Icmr: H3N2 virus linked to a wave of cases of high fever and cough: ICMR | India News

NEW DELHI: The current wave of high fever and cough seen in the country is caused by influenza A subtype H3N2, a virus subtype that causes influenza (flu), the Indian Council of Medical Research (ICMR) confirmed. H3N2 causes more hospitalizations than other flu subtypes, according to health research agency Apex.
The ICMR conducts continuous surveillance for diseases caused by respiratory viruses through its network of Virus Research and Diagnostic Laboratories (VRDLs) across the country.
Doctor Nivedita Gupta, the head of epidemiology at ICMR, told TOI that surveillance data from 30 VRDLS, from December 15 to date, suggested an increase in the number of influenza A H3N2 cases. “About half of all hospitalized severe acute respiratory infections (SARI) and outpatient influenza illnesses were found to have influenza A H3N2,” she said.
Dr. Gupta said the wave of infections caused by the virus subtype is expected to decrease from late March or the first week of April as temperatures begin to rise.


According to the ICMR, among hospitalized patients with H3N2, 92% of patients had fever, 86% had cough, 27% shortness of breath, 16% wheezing. Additionally, ICMR monitoring revealed that 16% of these patients had pneumonia and 6% had seizures.
“About 10% of patients with severe acute respiratory infections caused by H3N2 needed oxygen and 7% needed intensive care,” said health research agency Apex.
Dr Satish Koul, director of internal medicine at Fortis Memorial Research Institute in Gurgaon, said H3N2 is known to cause more severe symptoms than other flu viruses. “It’s not a new variant though. It has been in circulation for decades. The H3N2 flu subtype actually caused a massive outbreak in Hong Kong in 1968,” Dr Koul said.
He explained: “Infections caused by H3N2 are particularly different from normal influenza in that the clinical course of the disease is much more severe. It always starts with a high fever accompanied by chills and also causes an incessant cough.
Dr Rommel Tickoo, who heads the internal medicine department at Max Sake, said over the past two months they have been inundated with patients with feverish illnesses and coughs. “Many patients require hospitalization, which is unusual for illnesses caused by seasonal flu. The elderly and people with comorbidities are the most affected,” he added.
According to the World Health Organization (WHO), about 3 to 5 million cases of severe illness and about 2.9 lakh to 6.5 lakh respiratory deaths are caused by seasonal flu every year globally.

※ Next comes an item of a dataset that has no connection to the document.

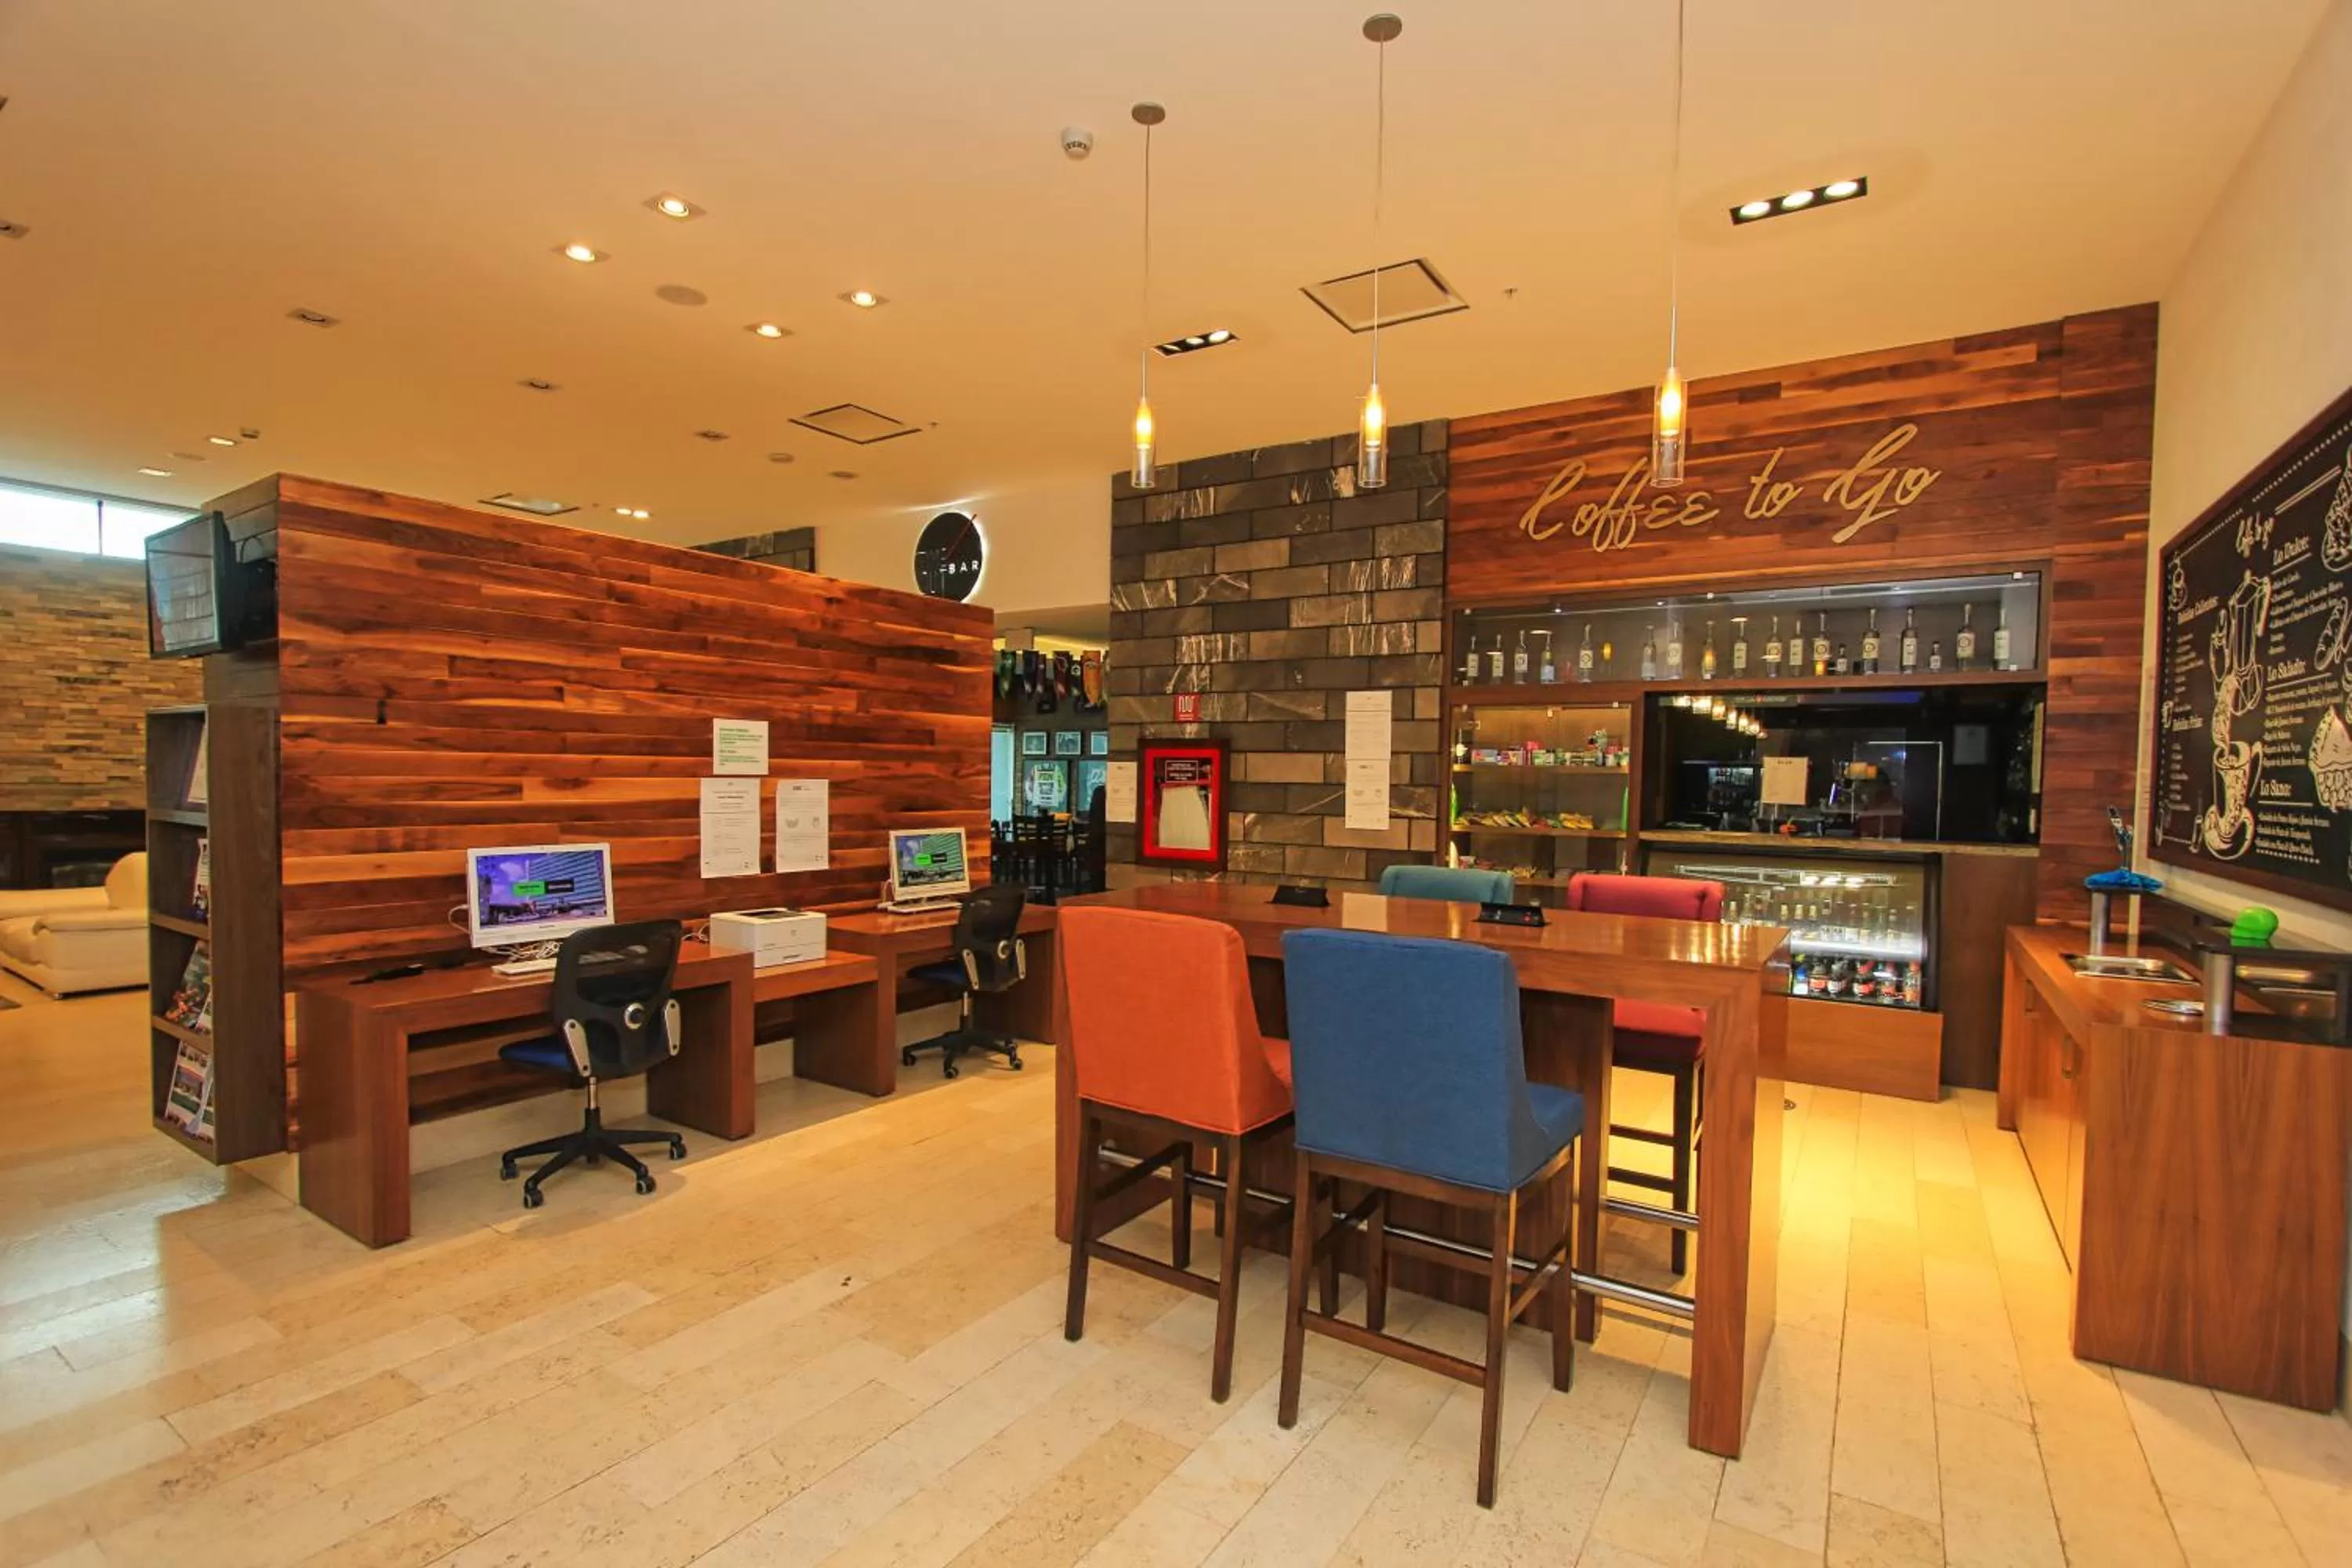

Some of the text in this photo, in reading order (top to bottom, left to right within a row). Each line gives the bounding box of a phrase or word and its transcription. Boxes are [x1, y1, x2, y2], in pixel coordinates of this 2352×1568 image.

[1519, 423, 1942, 552] Coffee to Go
[948, 559, 979, 575] BAR

The most effective way to prevent the disease is vaccination, according to the United Nations health body. “In addition to vaccination and antiviral treatment, public health management includes personal protective measures such as regular hand washing with proper hand drying, good respiratory hygiene – covering mouth and nose when coughing or when sneezing, using tissues and disposing of them properly, self-isolating from those who feel unwell, feverish and showing other flu symptoms and avoid close contact with sick people among others,” adds- he.